Abstract This K08 Career Development Proposal details the candidate’s research on the structural regulation of megalin recycling in the kidney proximal tubule (PT) that will be conducted during a 5-year mentored award period. With the guidance of his co-mentors at Columbia University, Dr. Shapiro and Dr. Barasch, along with oversight from an experienced multi-institutional advisory committee, Dr. Beenken has designed a comprehensive plan of didactics and intensive laboratory research in cryo-electron microscopy (cryo-EM) and mass spectrometry. This training will enable him to differentiate himself from his mentors and develop a body of research that he can use to start an independent research laboratory as a physician-scientist. His ultimate goal is to translate the understanding of structural mechanisms of megalin recycling to new treatments for proteinuric disease.
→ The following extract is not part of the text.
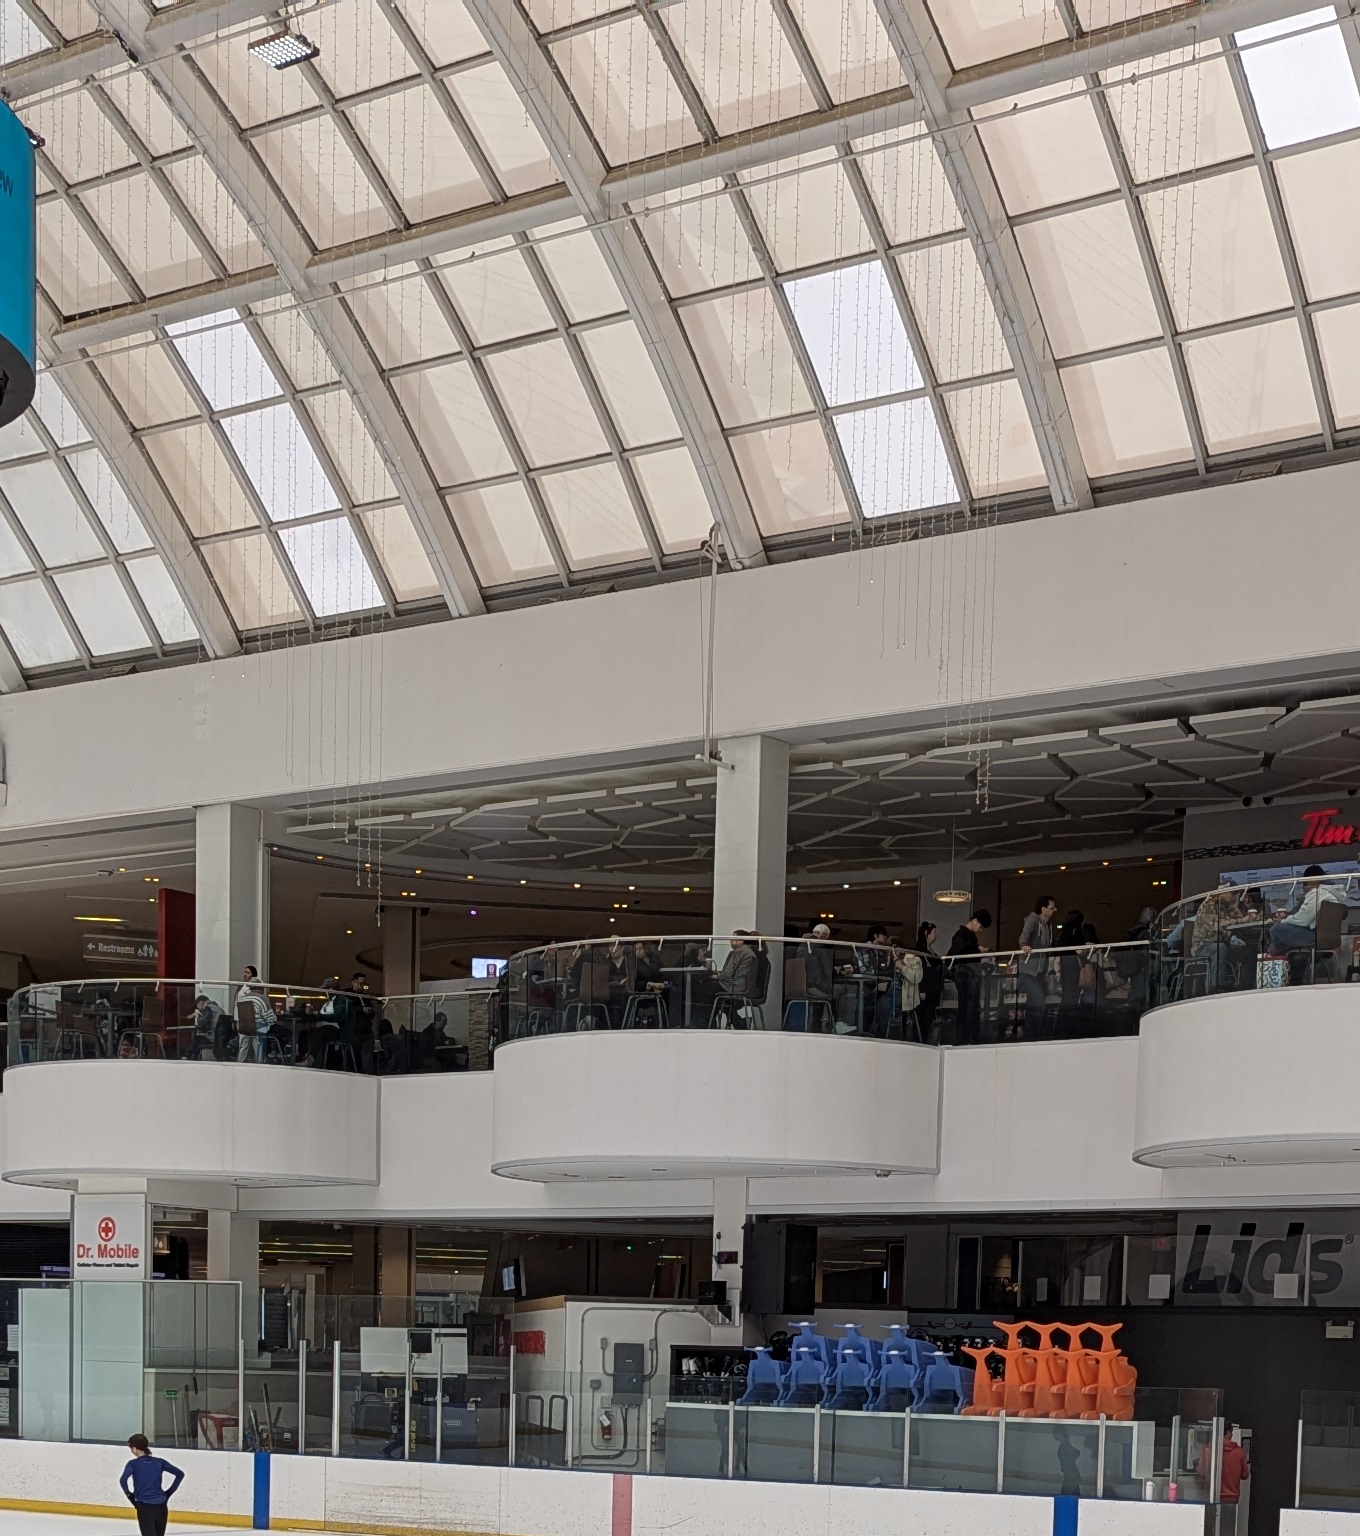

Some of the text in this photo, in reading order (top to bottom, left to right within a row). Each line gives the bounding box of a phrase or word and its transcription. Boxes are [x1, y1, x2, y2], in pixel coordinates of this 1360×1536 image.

Megalin-dependent endocytosis in the PT enables protein capture that protects the kidney tubules from damage due to proteinuria. Megalin must recycle between cell surface and endosomes to fulfill its endocytic function, but the structural mechanisms that underlie this recycling are poorly understood. Dr. Beenken has published cryo-EM structures of megalin at pH 7.5 and 5.2, revealing megalin’s structure at the cell surface and in the late endosome. These structures demonstrated that megalin undergoes extensive pH-dependent structural transitions to bind ligands from the urinary filtrate at the cell surface and then shed ligands in the acidic endosomes. Dr. Beenken’s work led him to hypothesize that megalin adopts unique structures in different endosomal compartments that are regulated by specific residues in megalin and depend on changes in megalin’s coordination of Ca2+ ions. In his proposed research project, Dr. Beenken will test his hypothesis by determining structures of megalin in different endosomal compartments including early and recycling endosomes (Aim 1), characterizing pH-sensitive megalin residues during trafficking (Aim 2), and determining the dependence of megalin recycling on Ca2+-coordination (Aim 3). Pursuing these research goals will lay the groundwork for Dr. Beenken’s career in the structural biology of megalin receptor recycling in the PT and enable him to become an independent investigator. Ultimately, he plans for his discoveries in the basic science of megalin recycling in the PT to translate to clinical interventions for proteinuric disease.